Working at a startup implies a lot of trial and error. (No shit, Sherlock.)

Today, we’ll share the main lessons learned in the early days of Content Insights.

We talked to four people who all hold very different positions but share something huge: they’ve been here the longest. In addition to one of the founders Ilija Šuša, we’d like to thank Em Kuntze, our Editor, Aleksandra Radivojević, our Head of People Operations, and Katarina Vučić, EA to CEO & Office Manager. 

Finding your identity is a process and things have a tendency to change

When you are doing something completely new, it takes time before you can test your assumptions in reality and enter the market. When Content Insights opened its doors for the first time, we had a clear idea of our  target audience and the problems they were struggling with. Helping editors was primarily in focus.

As the product continued to grow, so did the client pool. With new features, Content Insights had something valuable to offer not just to editors – but to all kinds of content professionals, audience managers, digital marketers, media developers, etc. 

Ever since day one, the company invested in content marketing, which was a rather logical step. Not only was it necessary to build online visibility for the brand, but it was also of paramount importance to explain the key values of the analytics which relies on complex metrics and brings a whole new philosophy to the fore. Since the company had actual experienced editors in its ranks, content was the field within which they could address the shared issues and spurr up a dialogue with readers.

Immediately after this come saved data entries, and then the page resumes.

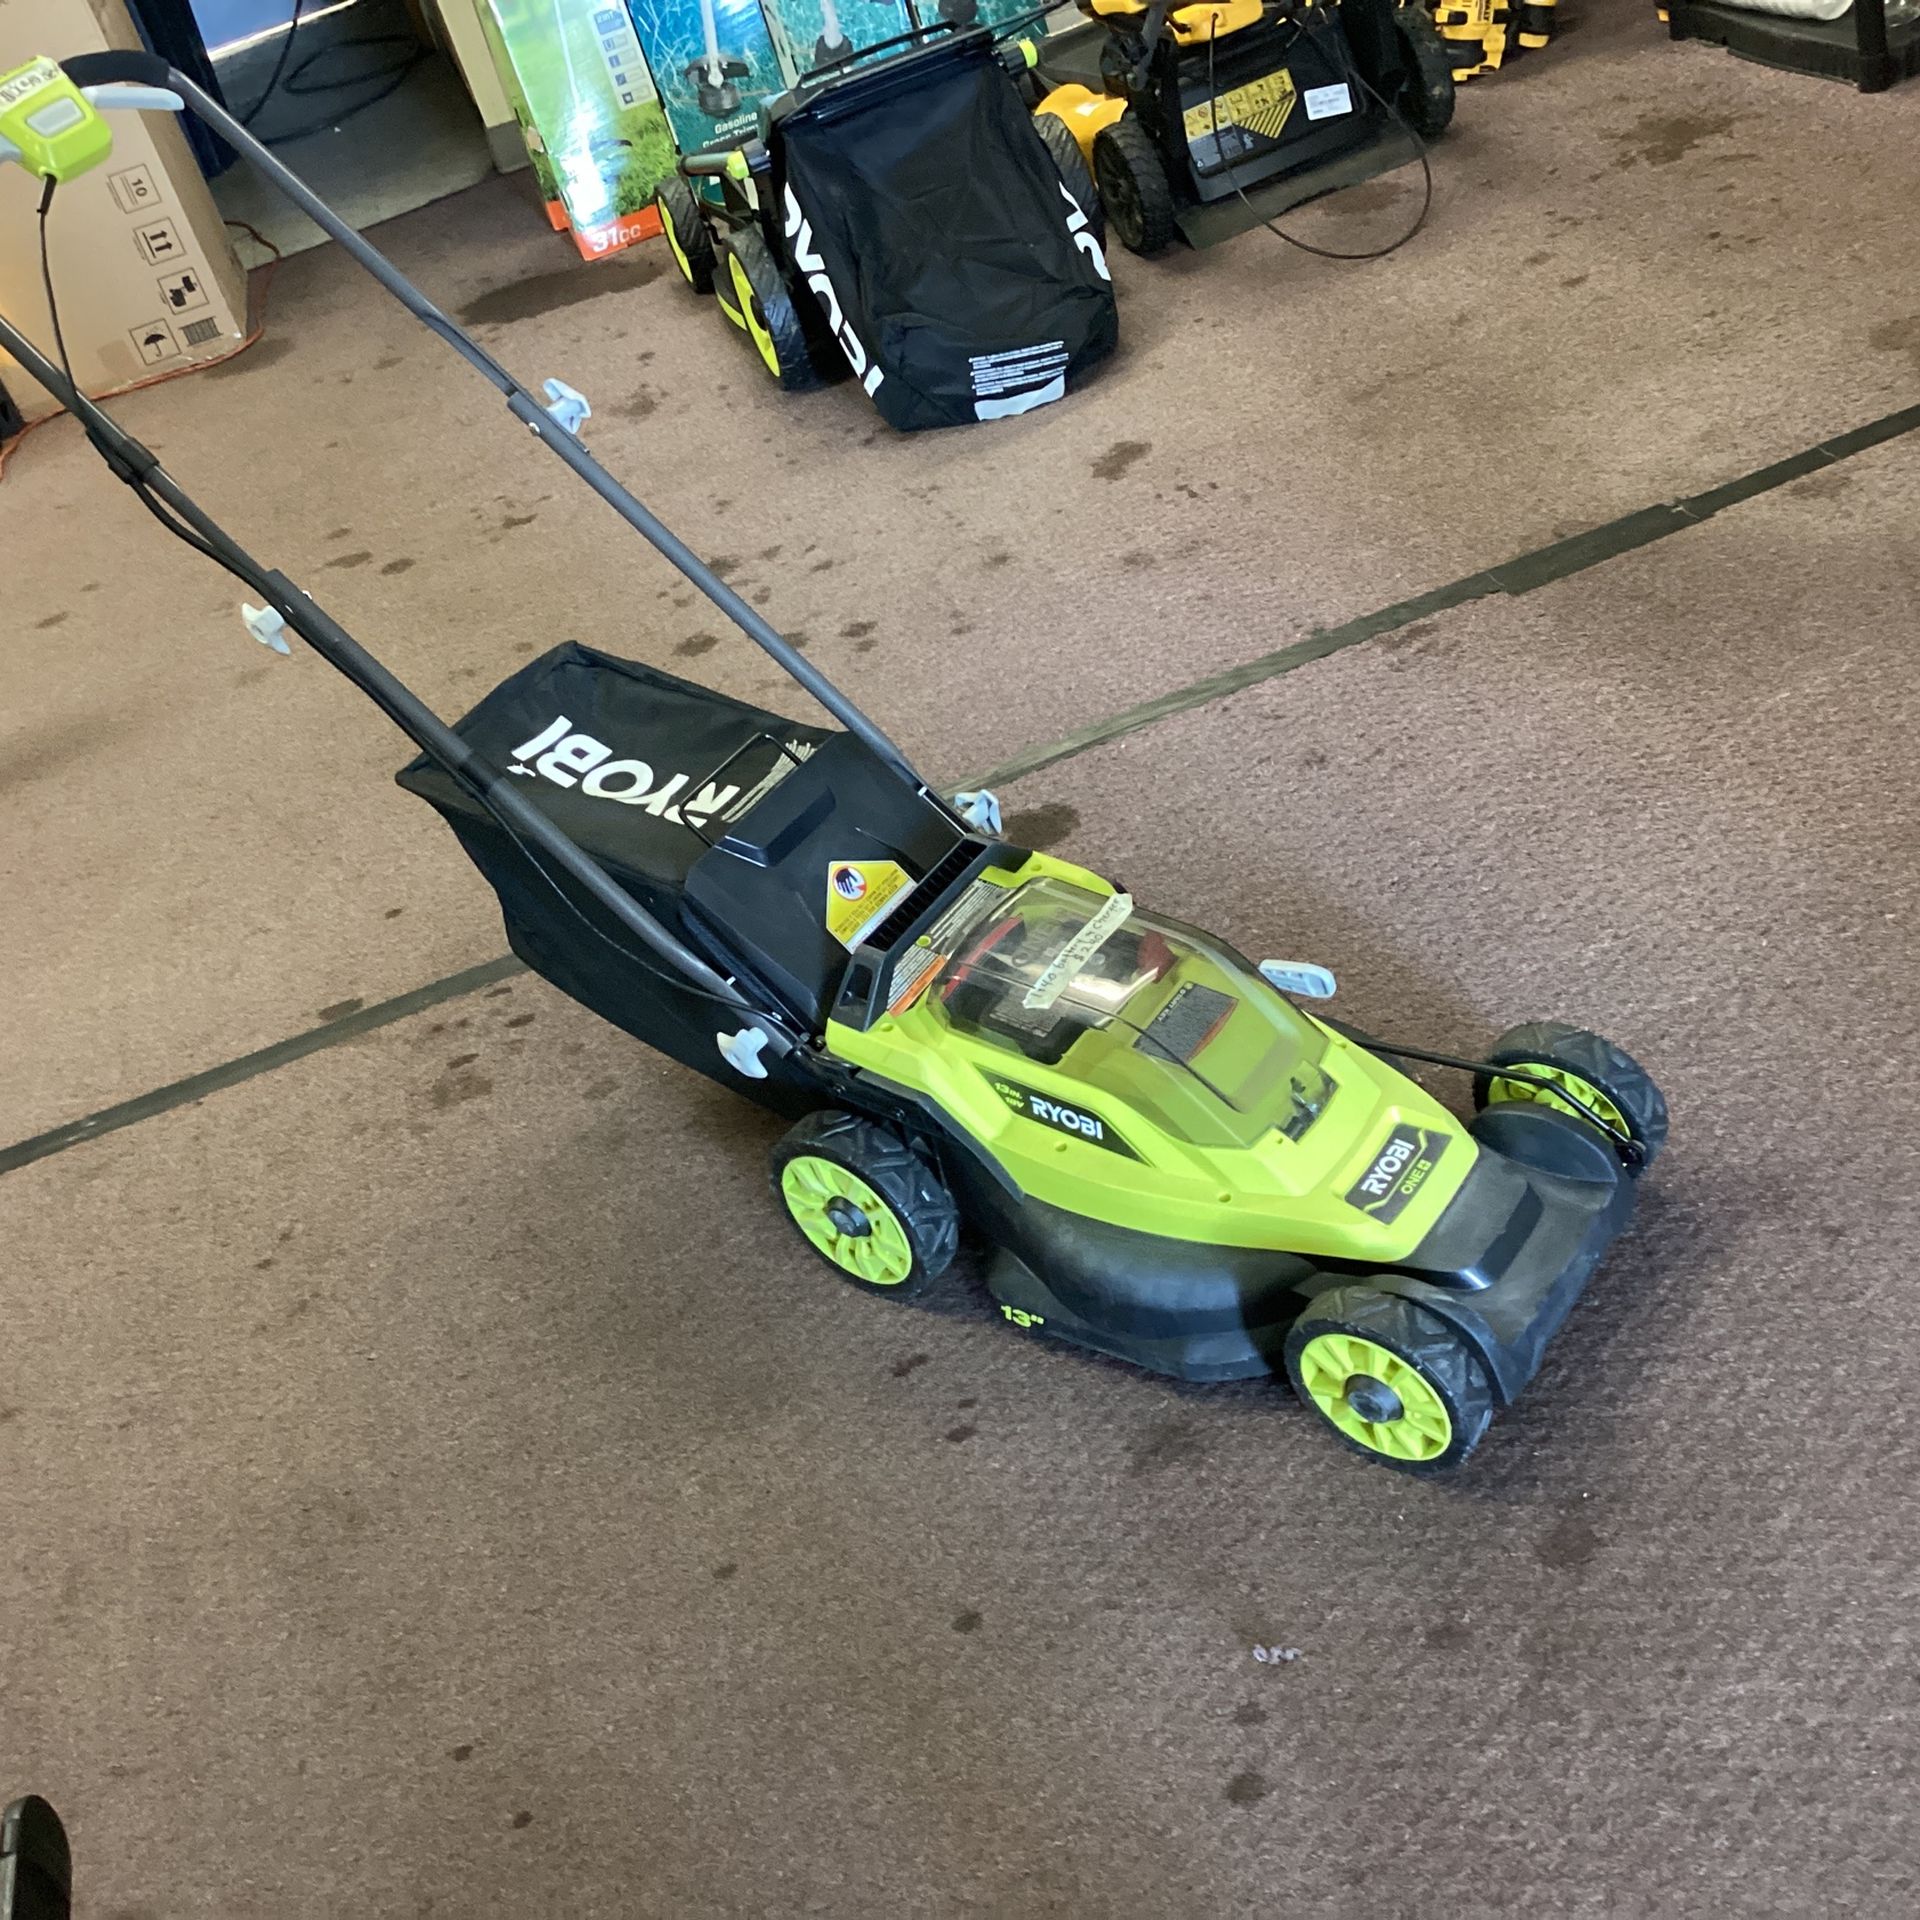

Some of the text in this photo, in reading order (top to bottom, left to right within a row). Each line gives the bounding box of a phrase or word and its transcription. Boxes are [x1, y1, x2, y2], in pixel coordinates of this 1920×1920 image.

[714, 112, 758, 135] Gasoline
[132, 178, 148, 197] 10
[592, 224, 641, 253] 31cc
[511, 714, 741, 829] RYOBI
[1029, 1095, 1104, 1140] RYOBI
[1360, 1138, 1416, 1196] RYOBI
[1000, 1305, 1045, 1328] 13"

As Em Kuntze, our brilliant editor from the UK, explained – it took some time before the team managed to craft the right tone for the brand and define a style guide that would reflect the values and spirit of the company:

You’re necessarily pragmatic in startups, so you need to be prepared to try different approaches. Very, very early on in the blog, for example, we thought writing listicle-type articles would be a good idea, and I think there’s a piece we did about planning seasonal content. It wasn’t bad, per se, but I think it became apparent almost as soon as I’d hit ‘publish’ that that wasn’t really ‘us’. Since then, we’ve honed an approach to content that honors who we are both as a company, but also as people. One thing we’ve stayed true to is our tone of voice, and from a content point of view it’s been the framework we are able to hang all our content on.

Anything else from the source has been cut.